## Try it
The entries that follow need to be printed exactly as they are, minus any pictures.

★ ★ ★ ★

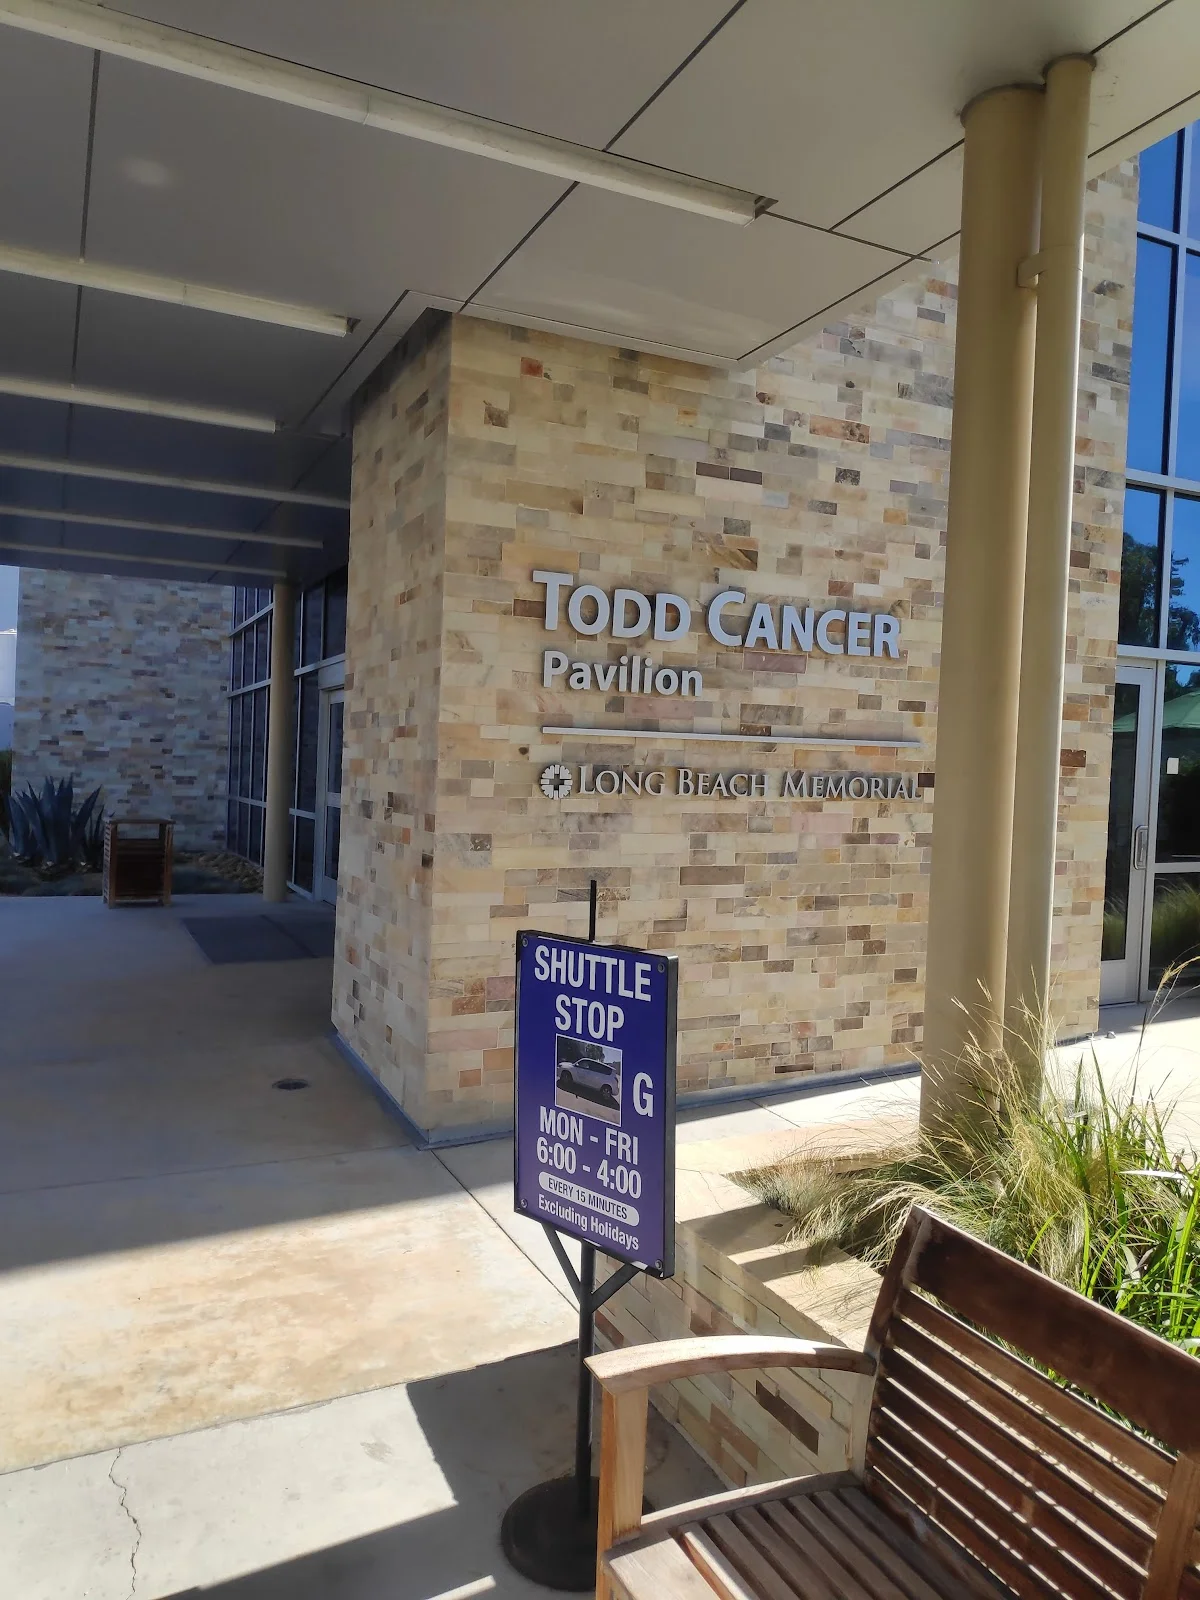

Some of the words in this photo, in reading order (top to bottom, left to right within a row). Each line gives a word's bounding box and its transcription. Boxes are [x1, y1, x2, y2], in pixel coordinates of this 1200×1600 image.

[532, 570, 692, 642] TODD
[707, 590, 901, 658] CANCER
[543, 650, 703, 697] Pavilion
[578, 765, 666, 798] LONG
[676, 768, 770, 799] BEACH
[781, 771, 922, 801] MEMORIAL
[534, 944, 652, 1002] SHUTTLE
[554, 993, 625, 1043] STOP
[632, 1072, 654, 1118] G
[539, 1105, 584, 1147] MON
[605, 1127, 639, 1166] FRI
[536, 1136, 577, 1175] 6:00
[596, 1159, 642, 1199] 4:00
[538, 1193, 588, 1233] Excluding
[590, 1213, 639, 1251] Holidays
[548, 1177, 575, 1198] EVERY
[576, 1189, 587, 1203] 15
[588, 1194, 628, 1220] MINUTES

★ ★ ★ ★

## Written response
Some of the words in this photo, in reading order (top to bottom, left to right within a row). Each line gives a word's bounding box and its transcription. Boxes are [x1, y1, x2, y2], in pixel coordinates of this 1200×1600 image.

[532, 570, 692, 642] TODD
[707, 590, 901, 658] CANCER
[543, 650, 703, 697] Pavilion
[578, 765, 666, 798] LONG
[676, 768, 770, 799] BEACH
[781, 771, 922, 801] MEMORIAL
[534, 944, 652, 1002] SHUTTLE
[554, 993, 625, 1043] STOP
[632, 1072, 654, 1118] G
[539, 1105, 584, 1147] MON
[605, 1127, 639, 1166] FRI
[536, 1136, 577, 1175] 6:00
[596, 1159, 642, 1199] 4:00
[538, 1193, 588, 1233] Excluding
[590, 1213, 639, 1251] Holidays
[548, 1177, 575, 1198] EVERY
[576, 1189, 587, 1203] 15
[588, 1194, 628, 1220] MINUTES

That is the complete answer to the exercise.